Design/methodology/approach
Prepared AgNWs are characterized by different analytical instruments, such as ultraviolet-visible spectroscope, scanning electron microscope and X-ray diffraction spectrometer. All the paint formulation's physical and mechanical qualities were tested using American Society for Testing and Materials, a worldwide standard test procedure. The biological activities of the prepared AgNWs and the waterborne coating based on AgNWs were investigated. And, their effects on pathogenic bacteria, antioxidants, antiviral activity and cytotoxicity were also investigated.
Findings
The obtained results of the physical and mechanical characteristics of the paint formulation demonstrated the formulations' greatest performance, as well as giving good scrub resistance and film durability. In the antimicrobial activity, the paint did not have any activity against bacterial pathogen, whereas the AgNWs and AgNWs with paint have similar activity against bacterial pathogen with inhibition zone range from 10 to 14 mm. The development of antioxidant and cytotoxicity activity of the paint incorporated with AgNWs were also observed.
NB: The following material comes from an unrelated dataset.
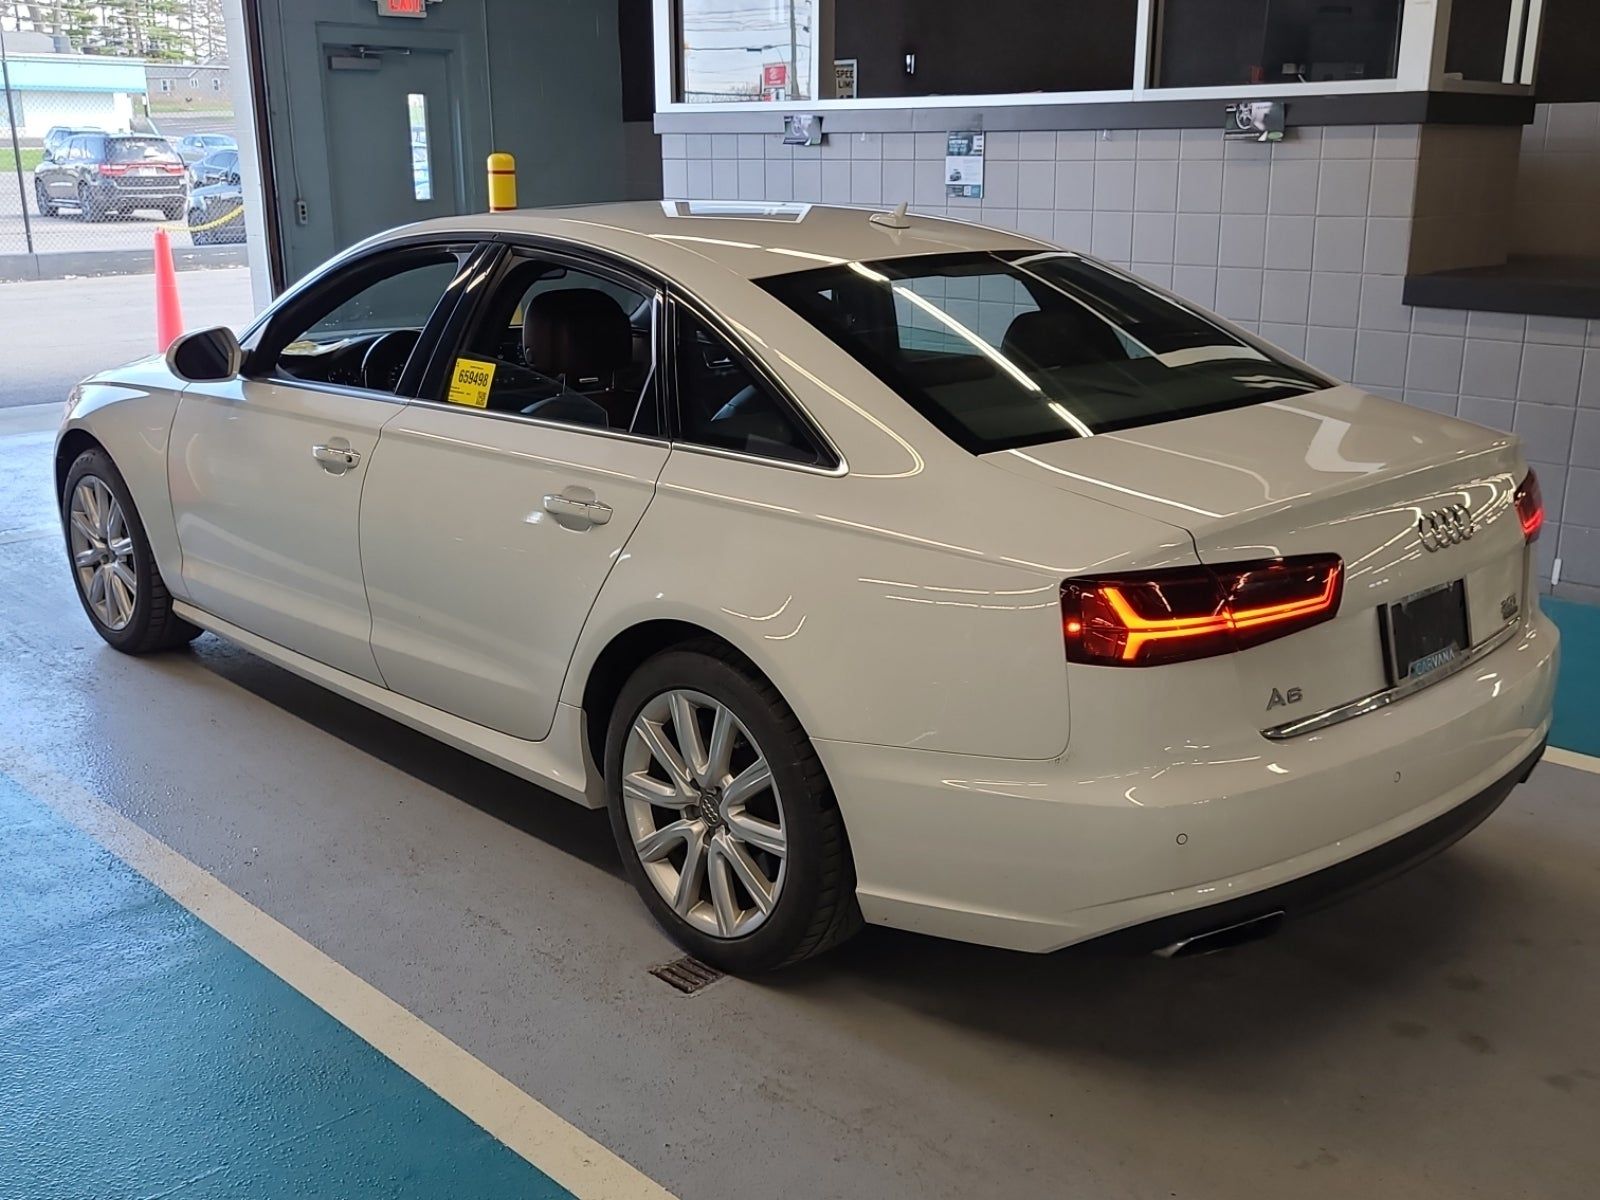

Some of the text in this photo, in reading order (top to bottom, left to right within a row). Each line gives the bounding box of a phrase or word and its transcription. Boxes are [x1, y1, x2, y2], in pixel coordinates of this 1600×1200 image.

The cytopathic effects of herpes simplex virus type 1 (HSV-1) were reduced in all three investigated modes of action when compared to the positive control group (HSV-1-infected cells), suggesting that these compounds have promising antiviral activity against a wide range of viruses, including DNA and RNA viruses.
Originality/value
The new waterborne coating based on nanoparticles has the potential to be promising in the manufacturing and development of paints, allowing them to function to prevent the spread of microbial infection, which is exactly what the world requires at this time.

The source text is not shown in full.